Gregory P. Spaid

Professor of Studio Art

Gregory Spaid joined Kenyon's faculty in 1979 after receiving his MFA degree from Indiana University and teaching at Berea College. Spaid has recently returned to teaching full-time after serving for nine years in the academic administration, including six year as Kenyon's provost. He teaches courses in photography, color, and advanced studio work. His artwork is in the collections of the Museum of Modern Art, the Smithsonian Museum of American Art, the International Museum of Photography, and the J. Paul Getty Museum, where his photographs were recently exhibited.

Areas of Expertise

Photography, mixed media, drawing

Education

1976 M.F.A Indiana University, IN
1969 B.A. with High Honors, Kenyon College, Gambier, OH

Selected Publications

Nantucket Geometry Lessons: Photographs of Nantucket Island Architecture by Gregory Spaid, Safe Harbor Books, New London, NH, Spring, 2002

The Man Who Created Paradise, written by Gene Logsdon, with photographs by Gregory Spaid and introduction by Wendell Berry, Ohio University Press, Fall, 2001

Grace: Photographs of Rural America by Gregory Spaid, with essays by Wendell Berry and Gene Logsdon, Safe Harbor Books, New London, NH, 2000

Ohio magazine, photography, July, 1995, summer, 1993 and December, 1983

Kenyon Review, cover photographs, vol.
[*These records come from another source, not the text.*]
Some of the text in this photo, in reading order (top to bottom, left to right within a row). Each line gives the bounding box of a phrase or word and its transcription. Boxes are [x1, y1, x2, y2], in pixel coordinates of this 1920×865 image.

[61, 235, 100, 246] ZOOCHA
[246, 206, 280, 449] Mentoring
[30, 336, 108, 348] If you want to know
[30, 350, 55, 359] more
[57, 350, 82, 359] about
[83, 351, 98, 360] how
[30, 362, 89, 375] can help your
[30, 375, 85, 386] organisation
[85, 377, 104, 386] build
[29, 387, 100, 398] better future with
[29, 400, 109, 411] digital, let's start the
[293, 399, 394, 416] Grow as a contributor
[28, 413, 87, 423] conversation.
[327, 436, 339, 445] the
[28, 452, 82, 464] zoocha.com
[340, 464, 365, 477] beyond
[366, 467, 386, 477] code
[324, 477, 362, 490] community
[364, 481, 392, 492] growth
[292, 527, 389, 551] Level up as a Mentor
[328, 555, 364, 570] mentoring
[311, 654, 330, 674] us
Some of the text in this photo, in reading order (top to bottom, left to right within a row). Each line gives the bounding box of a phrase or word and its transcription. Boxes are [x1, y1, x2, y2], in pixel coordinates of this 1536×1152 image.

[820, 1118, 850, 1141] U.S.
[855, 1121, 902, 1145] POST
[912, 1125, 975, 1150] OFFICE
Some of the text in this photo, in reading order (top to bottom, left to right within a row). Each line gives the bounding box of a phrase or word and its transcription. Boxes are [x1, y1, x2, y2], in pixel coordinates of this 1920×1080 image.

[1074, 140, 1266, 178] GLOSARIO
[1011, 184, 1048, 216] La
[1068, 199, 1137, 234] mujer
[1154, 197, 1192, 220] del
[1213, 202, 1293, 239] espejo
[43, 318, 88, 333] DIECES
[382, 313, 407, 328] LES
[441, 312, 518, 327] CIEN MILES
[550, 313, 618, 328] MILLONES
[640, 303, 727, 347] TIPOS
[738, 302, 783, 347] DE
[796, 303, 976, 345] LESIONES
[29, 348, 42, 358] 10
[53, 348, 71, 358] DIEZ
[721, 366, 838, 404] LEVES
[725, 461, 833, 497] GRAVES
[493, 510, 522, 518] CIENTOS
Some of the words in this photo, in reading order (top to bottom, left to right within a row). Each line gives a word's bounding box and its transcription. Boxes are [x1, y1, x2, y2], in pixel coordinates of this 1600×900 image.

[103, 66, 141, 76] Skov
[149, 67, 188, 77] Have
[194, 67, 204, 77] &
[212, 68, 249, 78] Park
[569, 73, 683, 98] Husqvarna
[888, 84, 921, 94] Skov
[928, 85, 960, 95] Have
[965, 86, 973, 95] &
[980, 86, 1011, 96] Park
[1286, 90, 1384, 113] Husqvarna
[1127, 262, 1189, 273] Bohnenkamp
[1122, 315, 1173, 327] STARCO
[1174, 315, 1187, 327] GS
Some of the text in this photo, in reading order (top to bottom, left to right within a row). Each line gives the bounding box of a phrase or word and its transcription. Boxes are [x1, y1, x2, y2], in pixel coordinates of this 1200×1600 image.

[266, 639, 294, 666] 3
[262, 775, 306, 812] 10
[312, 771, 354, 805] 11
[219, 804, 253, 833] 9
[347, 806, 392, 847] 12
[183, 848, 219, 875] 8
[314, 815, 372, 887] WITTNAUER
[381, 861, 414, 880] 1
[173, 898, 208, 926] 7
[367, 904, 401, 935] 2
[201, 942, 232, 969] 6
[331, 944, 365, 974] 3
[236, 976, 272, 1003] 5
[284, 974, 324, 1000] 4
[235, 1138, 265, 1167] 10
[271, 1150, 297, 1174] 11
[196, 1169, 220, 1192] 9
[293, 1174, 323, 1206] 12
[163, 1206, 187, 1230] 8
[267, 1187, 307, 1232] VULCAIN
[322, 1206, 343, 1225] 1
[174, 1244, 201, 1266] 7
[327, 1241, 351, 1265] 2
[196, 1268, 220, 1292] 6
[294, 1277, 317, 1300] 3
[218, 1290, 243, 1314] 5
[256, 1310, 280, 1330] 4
XXII 3/4, 2000, vol. XXI, 1-3, 1998-99, vol. XVII, 1-3, 1994-95

Courses Taught

Arts 101: Color and Design
Arts 106: Photography I
Arts 226: The Photography of Invention
Arts 227: Photography: contemporary Practice
Arts 228: Photography II
Arts 229: Documentary Photography
Arts 320: Color Photography
Arts 321: Digital Photography
Arts 480, 481: Advanced Studio part 1 and 2

Artist's Statement

"The experience of making art has great value for all students, whether or not they continue on in the arts as a profession. I construct my studio art courses so that students will acquire new perspectives from which to see and understand the world around them. In my courses I try to promote visual intelligence and creativity, which are values increasingly important for liberally educated persons. At the same time, my courses convey the rigor and dedication that serious art making requires. Above all, students learn by doing -- by being fully engaged in the process of making art. I believe it is in the struggle and the fun of making something that really matters that the passions and insights of the creative process are best revealed."